– Я вполне могу вытерпеть общение со снобами, я равнодушен к бесталанным зазнайкам, но не терплю людей, которые боятся выходить из своей зоны комфорта и даже не могут признать этого. Ненавижу, когда люди говорят, что их все устраивает, когда они сидят на своей солнечной поляне, даже не желая заглянуть в дремучий лес.
Рита стояла с густо-красными щеками и правой рукой поглаживала костяшки пальцев на левой руке. Уголки ее губ были опущены, как у виноватого ребенка, а глаза смотрели куда-то в отстраненную даль.

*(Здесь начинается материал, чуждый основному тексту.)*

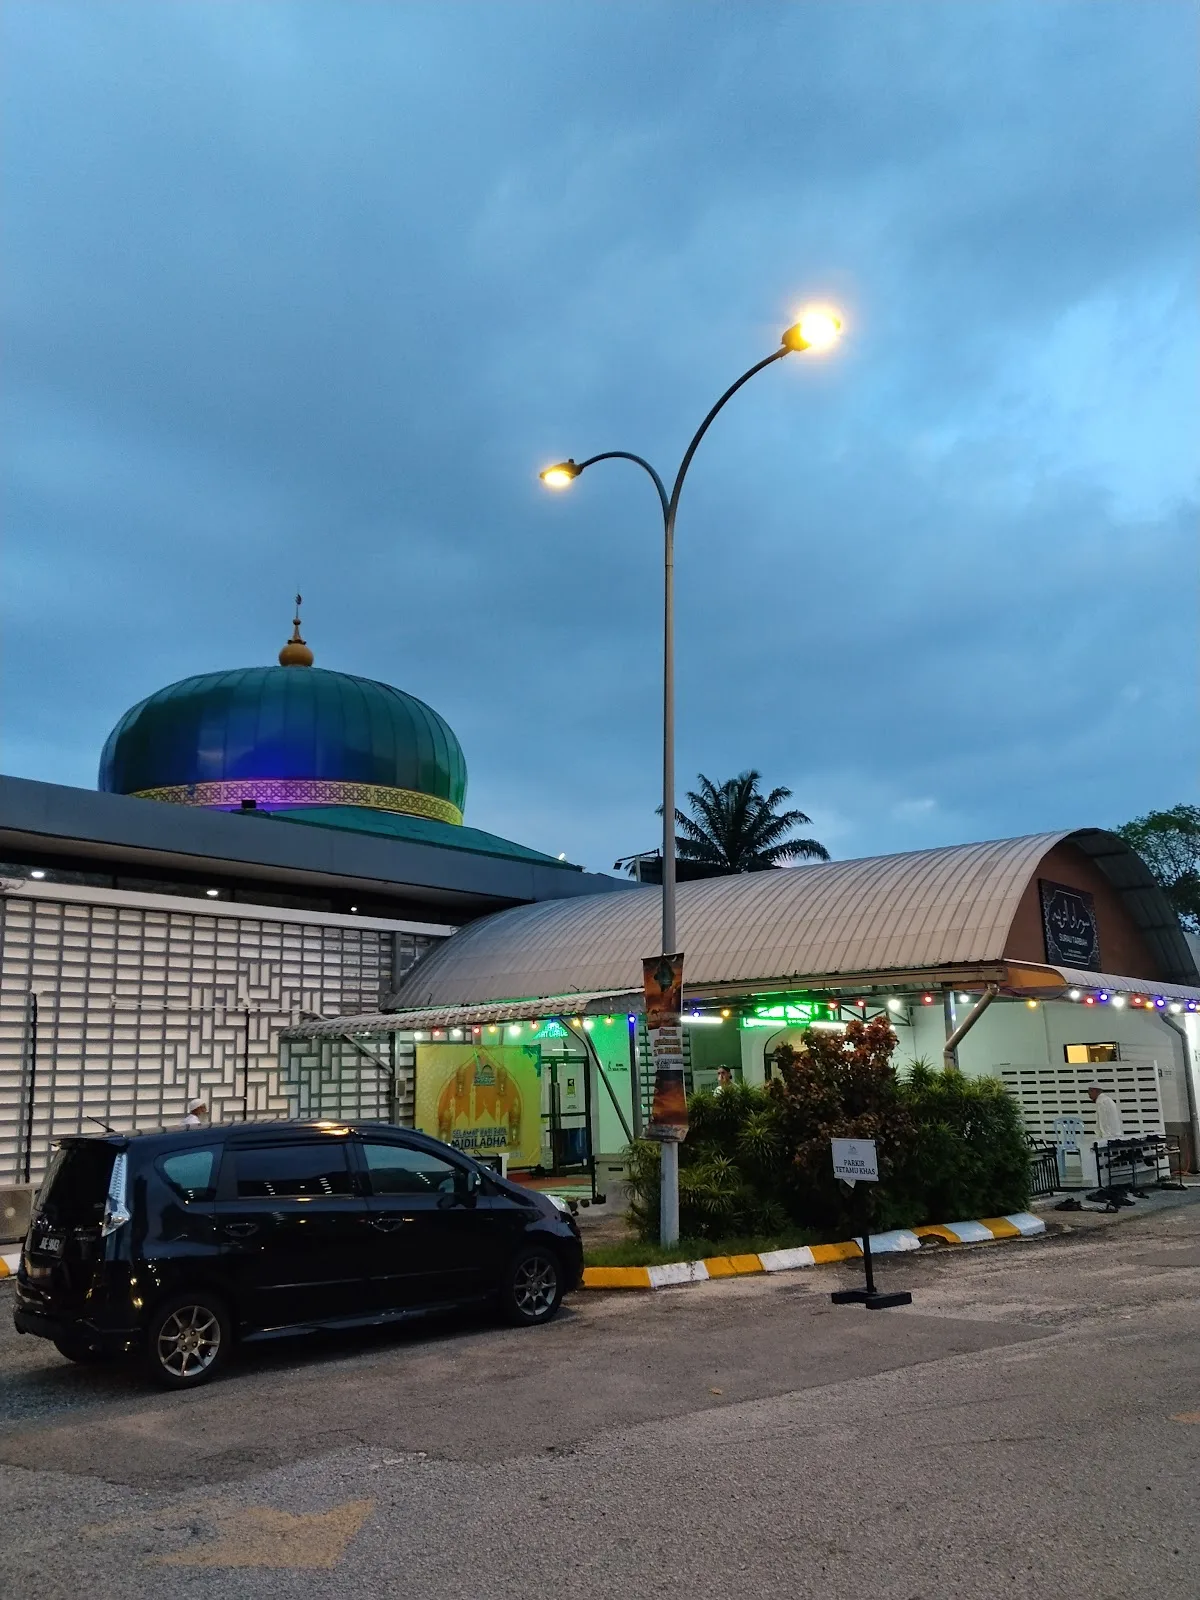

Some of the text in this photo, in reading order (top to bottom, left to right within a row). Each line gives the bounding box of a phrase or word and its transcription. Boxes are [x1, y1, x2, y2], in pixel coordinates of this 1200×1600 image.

[1059, 933, 1072, 943] SURAU
[453, 1129, 479, 1137] SELAMAT
[843, 1159, 865, 1167] PARKIR
[835, 1166, 859, 1174] TETAMU

– Я был бы спокоен, если бы такой человек был обычным заурядным существом, нужным нашей планете, только чтобы сейчас обслуживать других людей, а после смерти кормить червей. Но нет! Когда талантливые люди сидят со своим талантом, как с вишневым садом: «Сегодня поем чуть-чуть, завтра, может быть, нет, может, сварю варенье, может быть, компот. Мне без разницы, что с вишней делать». Большая часть останется на дереве, а самые сладкие ягоды, почти черные, сочные, так и засохнут на верхних ветках. Потому что «зачем тянуться, стараться, если можно без усилий рвать ягоды с нижних веток». Зачем стремиться к высшему наслаждению, если есть пресноватое, но привычное сейчас?
– Все немного не так, я…
– Я не закончил! – яростно крикнул Адам, даже не посмотрев на Риту. Но потом пару раз глубоко вдохнул и выдохнул, подошел к ней, положил руки на плечи и сказал: – Я не хочу тебя терять. Без нас ты останешься на поверхности, а ребята без тебя не смогут погрузиться на самое дно, ведь они будут знать, что всегда можно всплыть и оставить остальных. Ты опять выбираешь то, что проще.

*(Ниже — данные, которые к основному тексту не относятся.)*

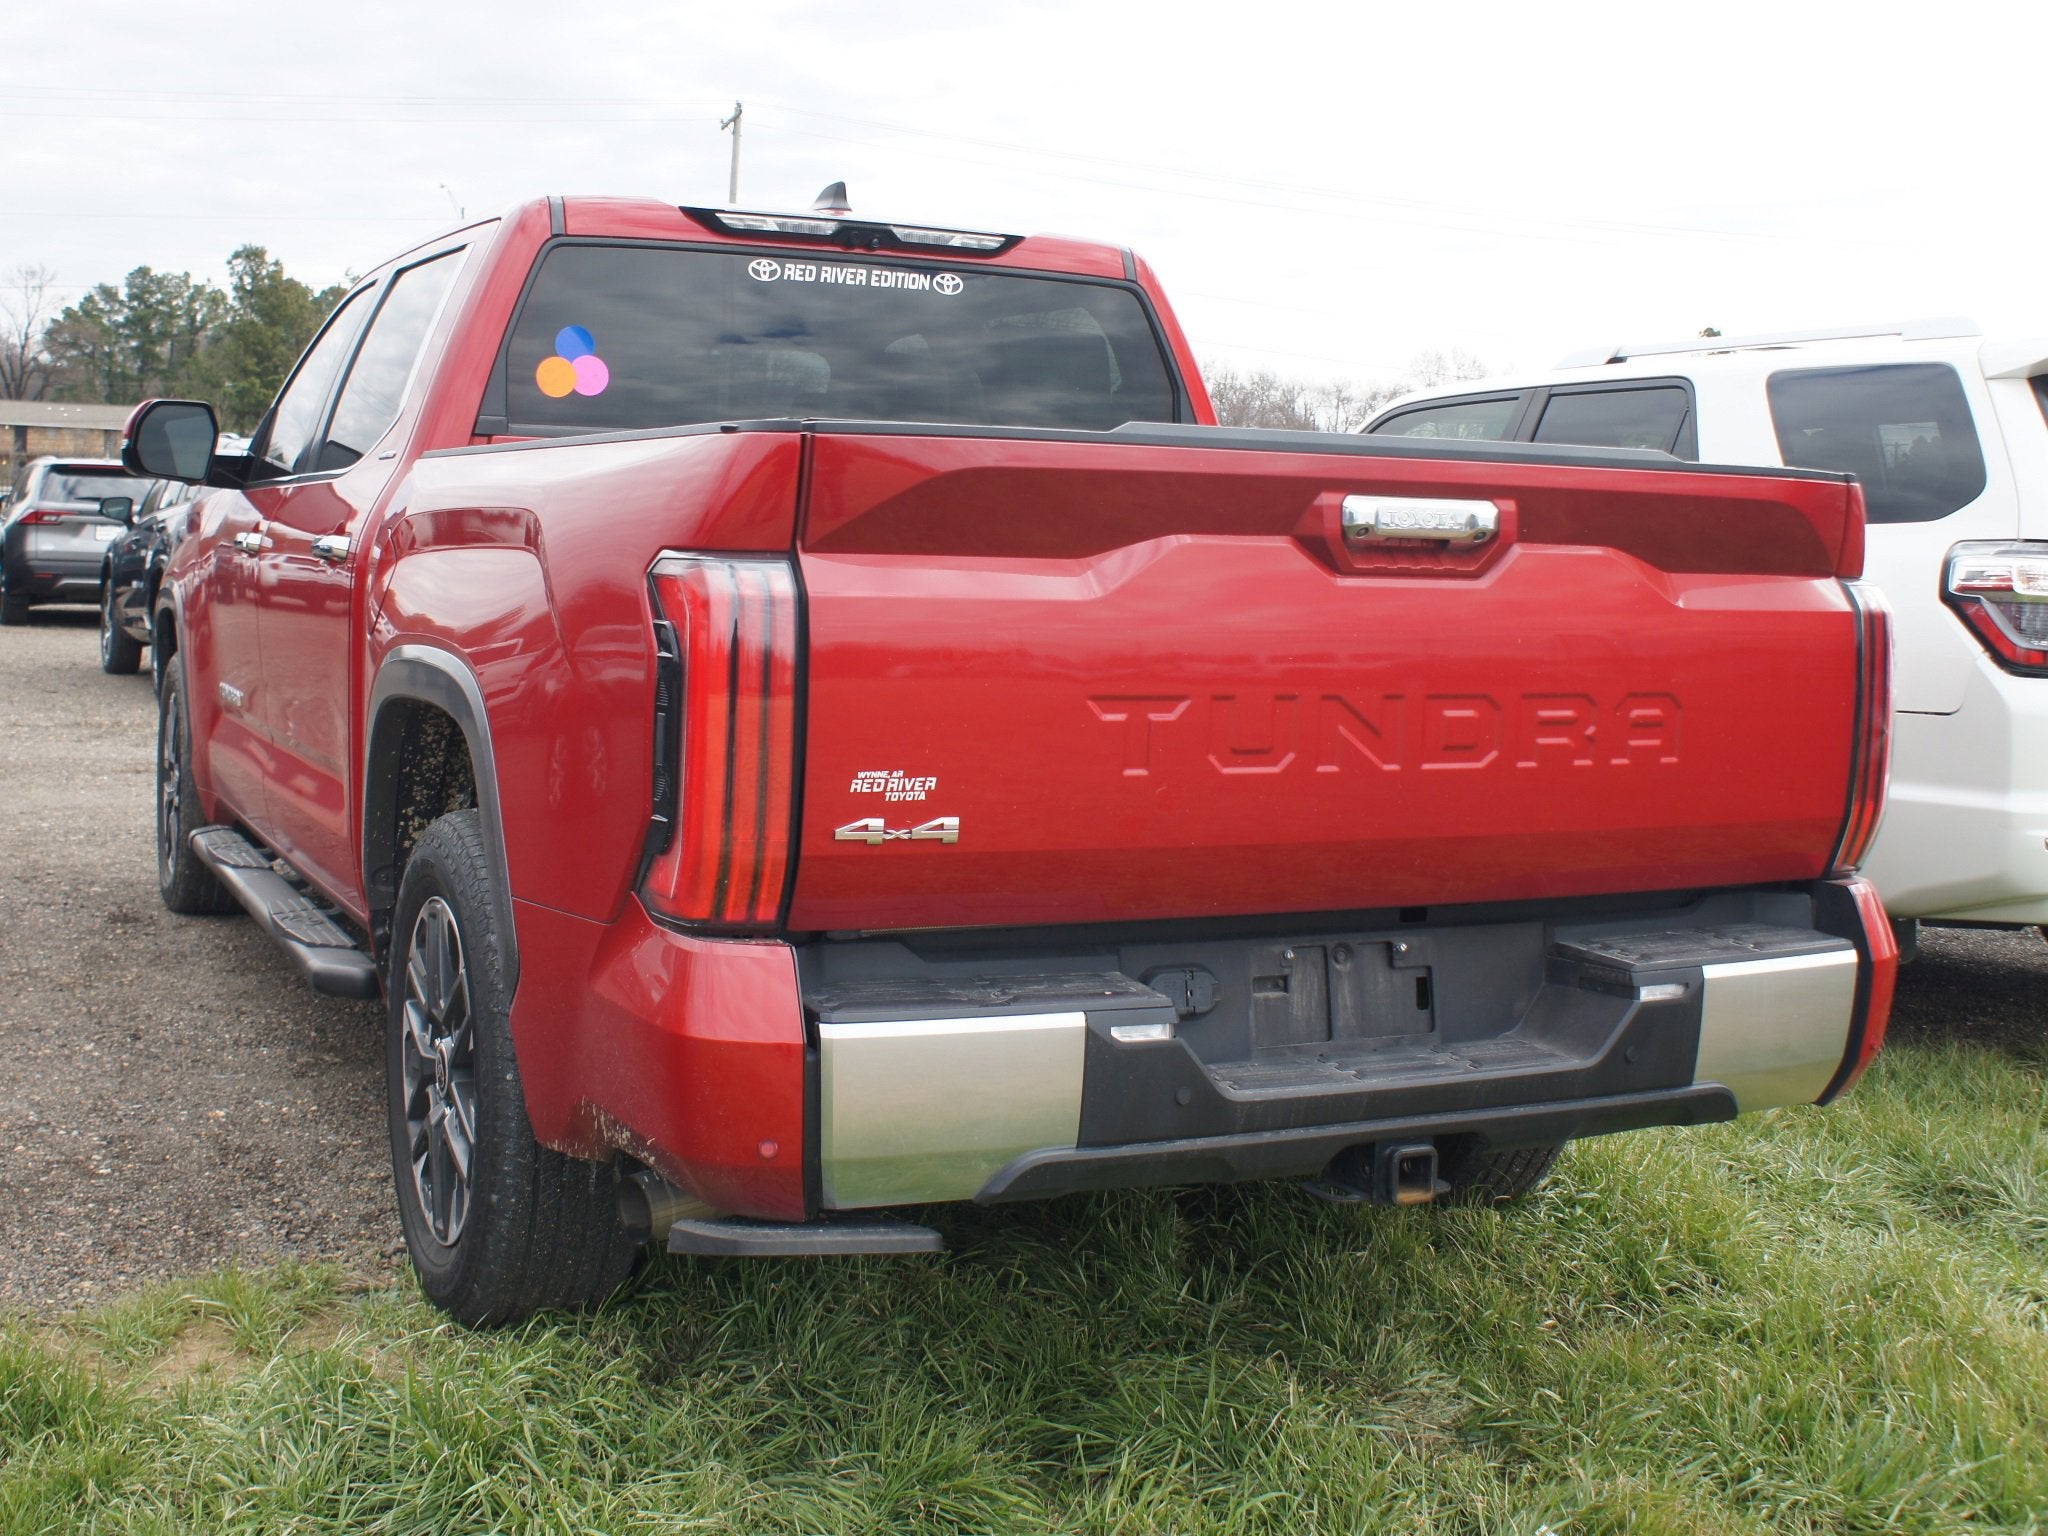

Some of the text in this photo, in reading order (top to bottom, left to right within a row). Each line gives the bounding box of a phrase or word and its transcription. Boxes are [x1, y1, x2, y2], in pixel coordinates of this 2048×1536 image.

– Я хочу остаться, но не ценой своего психического здоровья.
– И мы хотим, чтобы ты осталась, да? – Ребята закивали. – Я предлагаю альтернативу. Более мягкую.
Даже его свита замерла. Миша с Тимуром переглянулись, Забава заправила передние прядки волос за уши, а Венера склонила голову и строго, как учительница, посмотрела поверх солнцезащитных очков.
– Сейчас каждый из вас возьмет одну картину Риты и сожжет ее здесь. Выберите то, что олицетворяет ее настоящую, те сюжеты, которые мешают ей двигаться дальше. Рита, ты согласна?
– Я… я бы просто хотела заниматься творчеством здесь. Я не буду врать, что поменяю свое мнение после этого.
– Поменяешь. Никто не остается прежним, когда его детей навсегда уничтожает огонь.
– Но тогда мы приравняемся к нацистам, которые сжигали «дегенеративное» искусство»! – сказал Сава, от эмоций поднявшийся на ноги, но тут же севший, когда Адам посмотрел на него.
– То был акт вандализма, а это – очищающее пламя.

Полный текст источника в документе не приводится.